The Office of Global Learning Initiatives never fails to remind me how connected I am to immigration and global issues.

This remained true when they hosted New York Times reporter Caitlin Dickerson, who has worked as an immigration reporter at the NYT since 2016 and was previously an investigative reporter for NPR. She has broken news about the U.S. southern border, investigated child separation under the Trump administration, and shared some of her reporting on the newspaper’s podcast The Daily.

During her time at FIU, Dickerson visited both the Modesto A. Maidique and Biscayne Bay campuses to deliver a keynote lecture titled “Beyond the Border: Immigration History, Policy and Identity.” Her presentation at MMC highlighted some of the immigration stories she has worked on most recently; and, at the end of the talk, the audience engaged in questions mostly around immigration concerns.

During her visit to BBC, Dickerson’s audience consisted of journalism and public relations students. There, she did not spend much time talking about her career journey. Instead, she focused on giving us best practice tips for our careers.

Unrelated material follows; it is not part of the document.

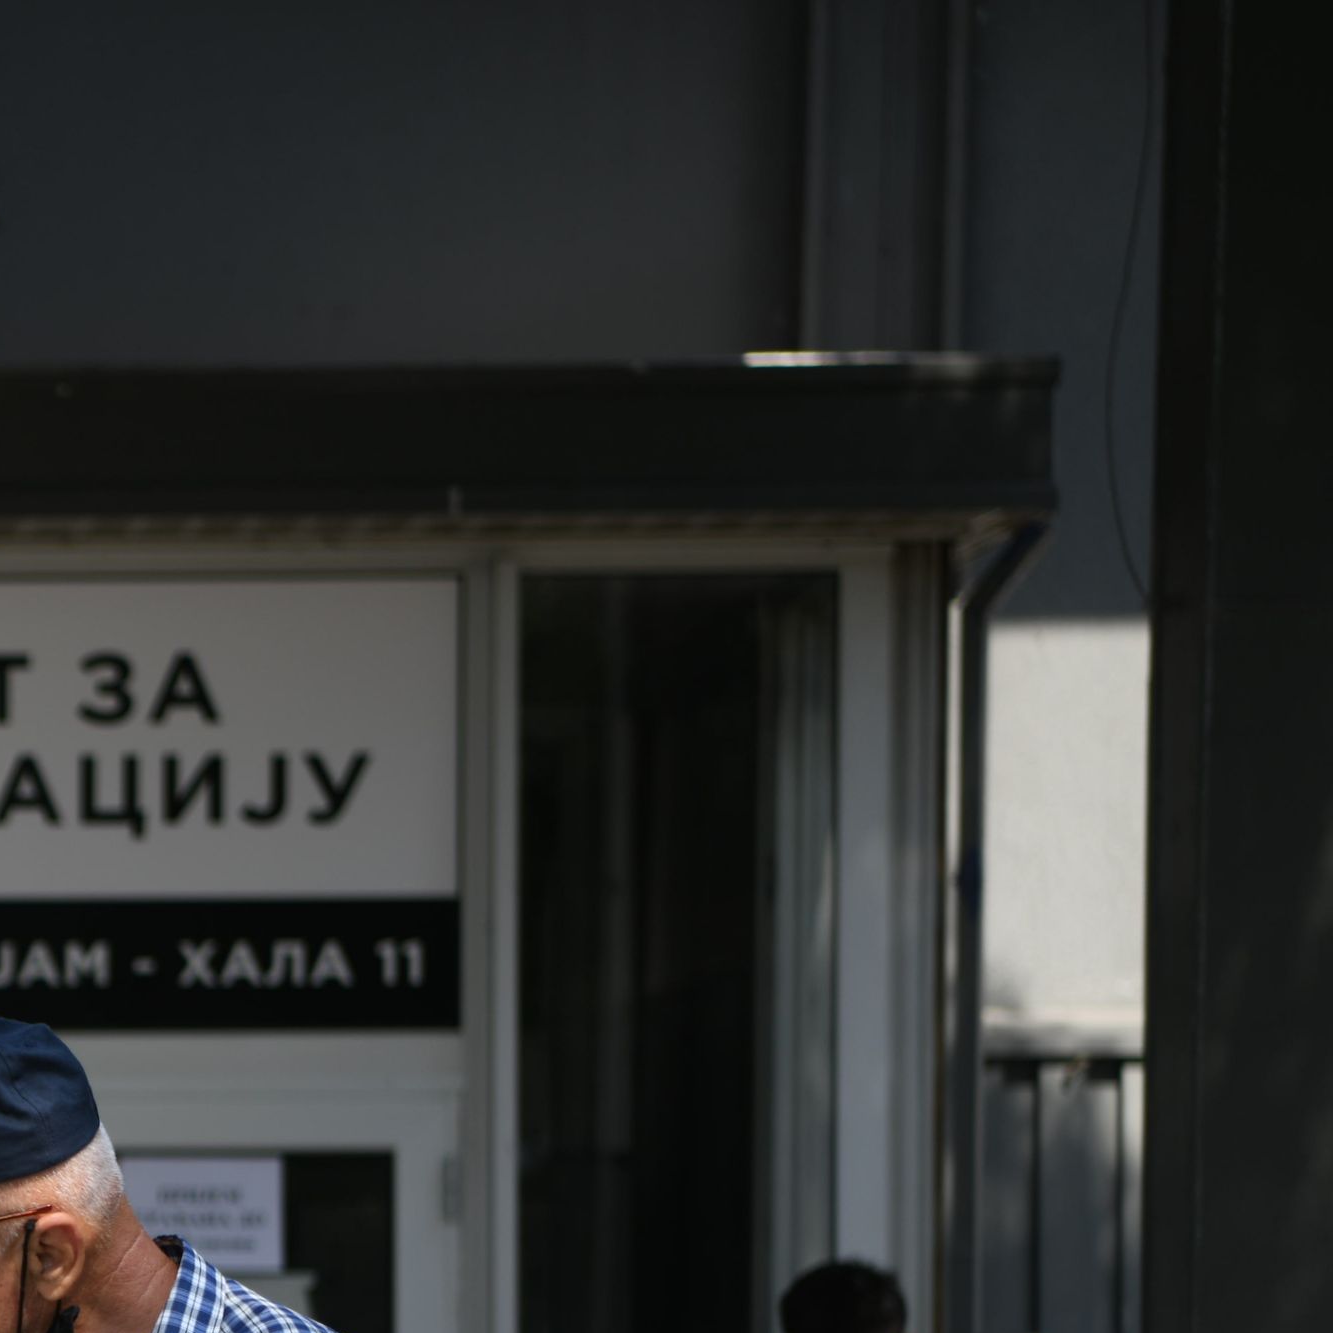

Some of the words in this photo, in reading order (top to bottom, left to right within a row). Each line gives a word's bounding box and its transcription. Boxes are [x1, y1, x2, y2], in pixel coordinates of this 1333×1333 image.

[78, 651, 220, 726] ЗА
[179, 940, 353, 987] ХАЛА
[375, 939, 425, 986] 11

Our journalism professors at FIU already teach us to be careful, fair, objective and persistent in our career, but coming from someone with Dickerson’s experience has a different weight for us students.

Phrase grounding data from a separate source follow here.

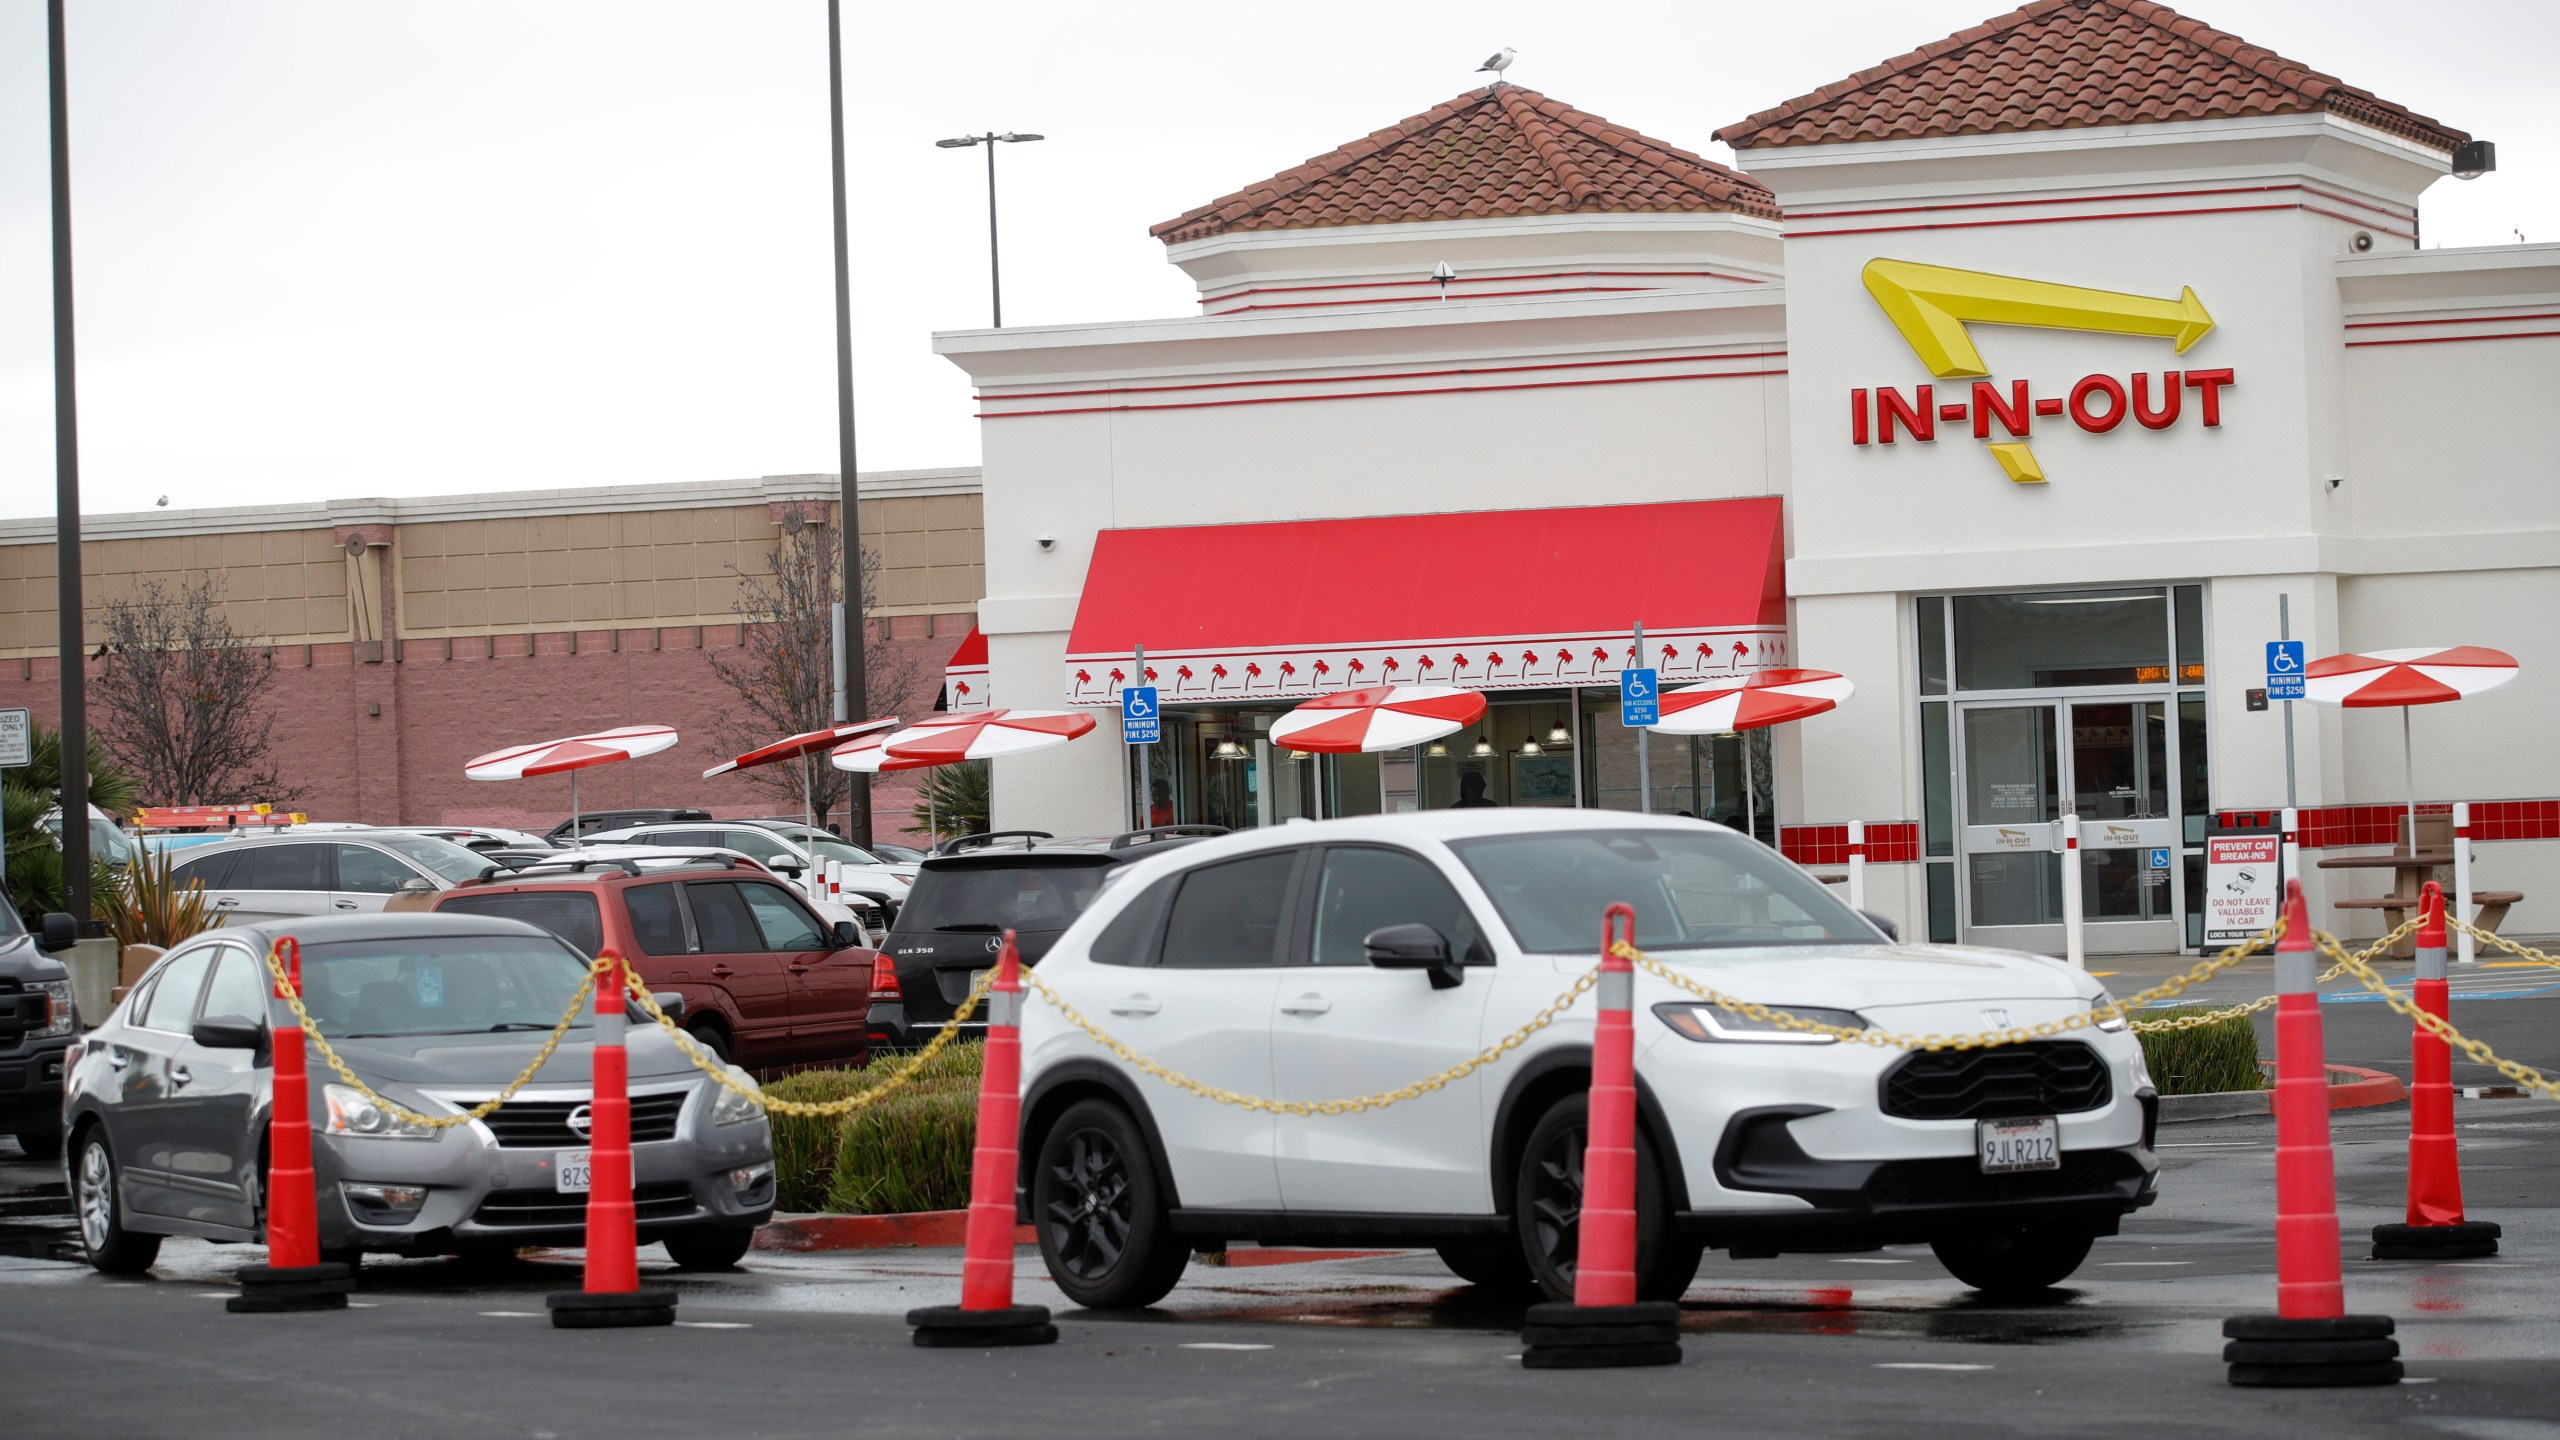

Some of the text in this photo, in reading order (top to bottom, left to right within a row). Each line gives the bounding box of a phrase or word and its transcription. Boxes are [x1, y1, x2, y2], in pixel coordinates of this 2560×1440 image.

[1851, 368, 2235, 446] IN-N-OUT
[2270, 676, 2301, 685] MINIMUM
[2268, 686, 2304, 695] FINE $250
[2, 723, 24, 731] ONLY
[1127, 721, 1155, 729] MINIMUM
[1126, 729, 1158, 738] FINE $250
[2213, 842, 2273, 851] PREVENT CAR
[2220, 852, 2266, 860] BREAK-INS
[2212, 899, 2224, 907] DO
[2246, 898, 2271, 906] LEAVE
[2217, 908, 2264, 916] VALUABLES
[2237, 917, 2255, 925] CAR
[1986, 1138, 2053, 1164] 9JLR212

As a journalism student, here are my top takeaways from her talk:

1. Relationships matter in journalism. You need to build trust with sources so you can find stories and have more nuanced, accurate information. Dickerson recommended young journalists “make relationships with as many people as much as possible.” But to also treat people like humans, not just like sources of information.

2. Politics and policy are complex, but people are, too. Understand that people have complex realities, experiences and opinions. Be fair to their stories and listen.

3. “People connect with emotions,” she said. So bring emotions into your story. Keep them under control during interviews and reporting, but bring them when you are writing—show the human impact of a story so readers can connect to it. But this does not equal giving your opinion.

4. Know what you are talking about when you are reporting and writing. Read and research before an interview.

“The most important thing I’ve found is to know what you’re talking about,” she said. Because when you know your topic and love it so much, talking to people, doesn’t feel fake.”

5. Be persistent. Understand that people will say no. Sources will reject you. Editors will turn down stories. And that is okay. Learn from each rejection and keep going; keep trying to improve and write your stories.

6. “Never saying no.” Be humble and open to experiences. When you are starting your career or a new job, accept assignments even if you think you are qualified to cover more complex stories. Experience matters and will help you improve.

7. Genuineness and honesty are key. They help you build those relationships and earn the trust of sources, editors and readers.

And, on a more personal note: I had forgotten how much I want to be an immigration reporter.

Dickerson embodied the dreamed career for some us, and I think her talk was just what we needed: a reminder that, as journalists, we can write stories that have an international significance, while holding emotion, trust and genuineness as key parts of our career.